We will select CCL19/21 neutralising antibodies with cross-species reactivity and assess their functionality by T cell signalling and chemotaxis assays. Following functional validation, we will use an established chronic inflammatory murine colitis model to assess the effects of CCL19/21 blockade. Pre-clinical pharmacodynamics and efficacy data will then be used to inform subsequent clinical dosing regimen.

2.5 million-3 million people in Europe are affected by Inflammatory bowel disease (IBD), with the highest rates reported in Scandinavia and the UK. The incidence of both ulcerative colitis and Crohn's disease is stable or increasing globally, incurring a direct healthcare cost of 4.6-5.6 billion Euros in Europe, and £1.5 billion to the NHS in the UK per year.

IBD is a highly heterogeneous disease and necessitates a range of treatment options, especially for non-responders to conventional therapies. Anti-TNF therapies have dominated treatment of IBD for close to two decades, but 20-30% of patients discontinue treatment due to primary non-response, and a further 30-40% lose response within the first year of treatment, presenting a large unmet need in cost-effective therapies. Overall, currently available immunotherapies demonstrate limited efficacy - 40-55% of patients demonstrate no response, and 65-80% do not achieve full remission.

This healthcare and economic burden demands significant new insights into reasons behind the limitations of current treatments, as well as strategies for overcoming loss of response to existing therapies.

We have used state of the art single cell RNA sequencing and mass cytometry to detect fundamental changes in healthy and inflamed colon tissues. We mapped disease-associated changes on cellular and population levels, enabling our visualisation of how the inflammatory tissue environment evolves in relation to disease activity and severity. Such insights have allowed us to highlight the most biologically-relevant changes for disease targeting.

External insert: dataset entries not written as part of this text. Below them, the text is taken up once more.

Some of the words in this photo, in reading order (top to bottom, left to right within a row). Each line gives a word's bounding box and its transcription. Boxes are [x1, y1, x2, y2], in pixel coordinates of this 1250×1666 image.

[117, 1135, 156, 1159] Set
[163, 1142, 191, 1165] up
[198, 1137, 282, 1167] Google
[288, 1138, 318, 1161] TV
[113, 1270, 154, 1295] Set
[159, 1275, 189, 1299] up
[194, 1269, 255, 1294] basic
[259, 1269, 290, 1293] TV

We found multiple cell adhesion molecules involved in T cell recruitment upregulated in stromal cells in colitis. This functional redundancy likely accounts for the limited response rates of the new lines of anti-adhesion therapies. Similarly, the inhibition of single inflammatory mediators among a cocktail of cytokines and other factors often proves insufficient for achieving disease remission.

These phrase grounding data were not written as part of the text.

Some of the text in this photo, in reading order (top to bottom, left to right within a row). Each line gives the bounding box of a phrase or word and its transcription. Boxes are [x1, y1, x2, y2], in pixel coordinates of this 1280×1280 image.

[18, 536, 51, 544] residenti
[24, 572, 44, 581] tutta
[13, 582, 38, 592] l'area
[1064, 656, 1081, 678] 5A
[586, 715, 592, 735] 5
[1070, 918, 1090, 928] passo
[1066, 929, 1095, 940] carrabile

Importantly, we identified a specific pathogenic cellular population involved in recruiting immune cells that propagate chronic inflammation. Two of these key molecules are the chemokines CCL19 and CCL21, both of which are indispensable for T cell migration as well as T cell priming by professional antigen presenting cells. Our goal is therefore to design a specific targeted therapeutic that disrupts these inflammatory drivers. Using this strategy, we aim to dampen the production of a multitude of T cell-derived proinflammatory factors.

We will assess the most optimal route to enable preclinical testing following the generation of bispecific antibodies against our chemokine targets. We will then translate preclinical findings into clinical development for patients. Appropriate clinical indications for CCL19/CCL21 blockade may include:

- 5 ASA or thiopurine refractory ulcerative colitis patients to avoid side effects associated with anti-TNF treatment.
- Patients who have treatment-refractory active disease (such as anti-TNF primary and secondary non-responders).
- Patients requiring maintenance of remission in whom anti-TNF therapy is contra-indicated.
- Patients who progressively lose response to anti-TNF and/or anti-adhesion therapies or other current therapies.
- Prevention of Crohn's disease recurrence in postoperative patients following small bowel resection.
- For prevention of stricturing or fistulizing Crohn's.

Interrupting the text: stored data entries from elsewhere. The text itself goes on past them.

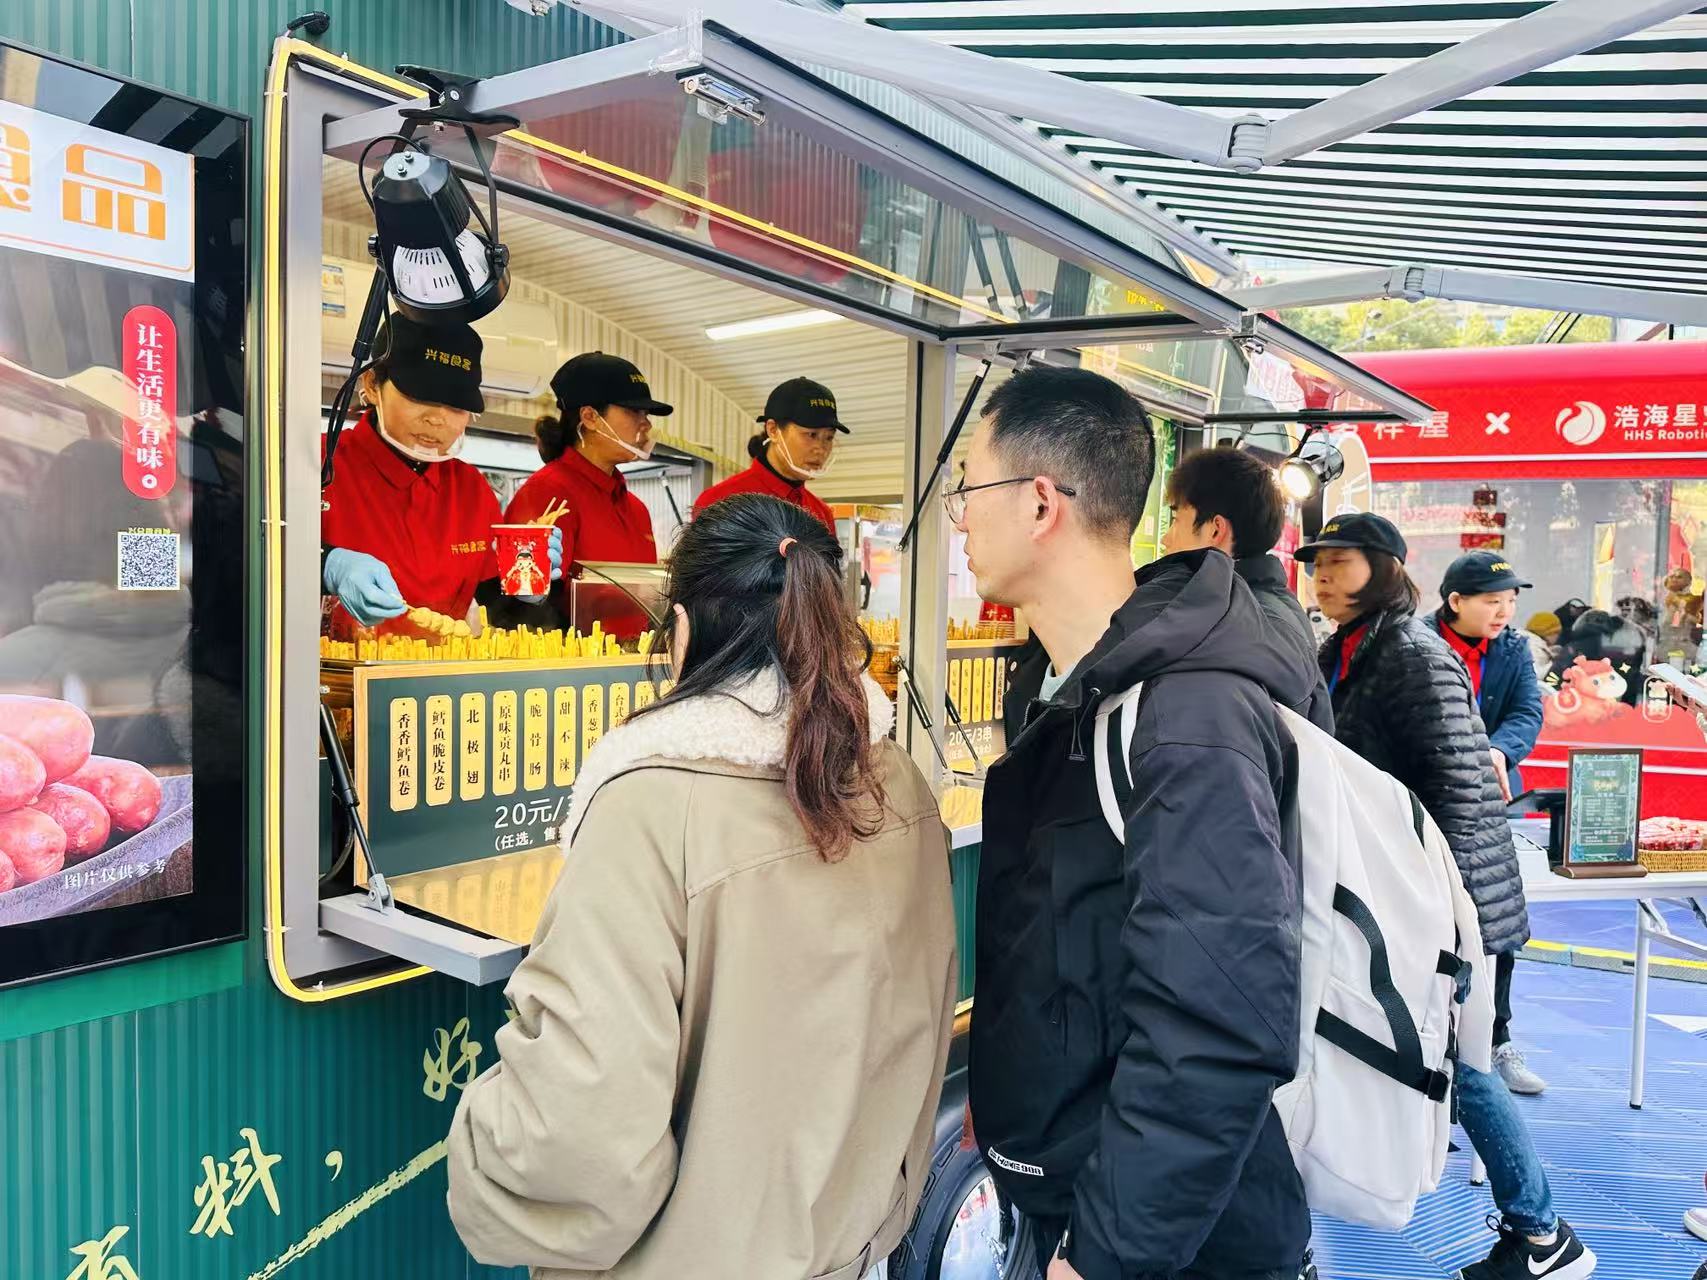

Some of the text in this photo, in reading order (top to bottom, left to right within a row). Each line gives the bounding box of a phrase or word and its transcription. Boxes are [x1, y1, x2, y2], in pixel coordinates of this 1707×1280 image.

[1613, 403, 1707, 429] 浩海星
[1624, 429, 1654, 441] HHS
[396, 713, 411, 796] 香香鳕鱼卷
[432, 710, 446, 791] 鳕鱼脆皮卷
[466, 708, 480, 785] 北极翅
[498, 704, 512, 782] 原味贡丸串
[529, 703, 542, 776] 脆骨肠
[559, 701, 571, 772] 甜不辣
[64, 858, 167, 890] 图片仅供参考

Development of new therapies for patients who are non-responsive to currently available treatments is imperative. This project will allow us to explore the therapeutic potential of transiently disrupting T cell recruitment via CCL19/CCL21-CCR7 interactions. This strategy will provide a means to circumvent limitations of current approaches targeting single mucosal-homing cell adhesion molecules and proinflammatory factors, therefore potentially leading to an improved clinical outcome and higher response rates.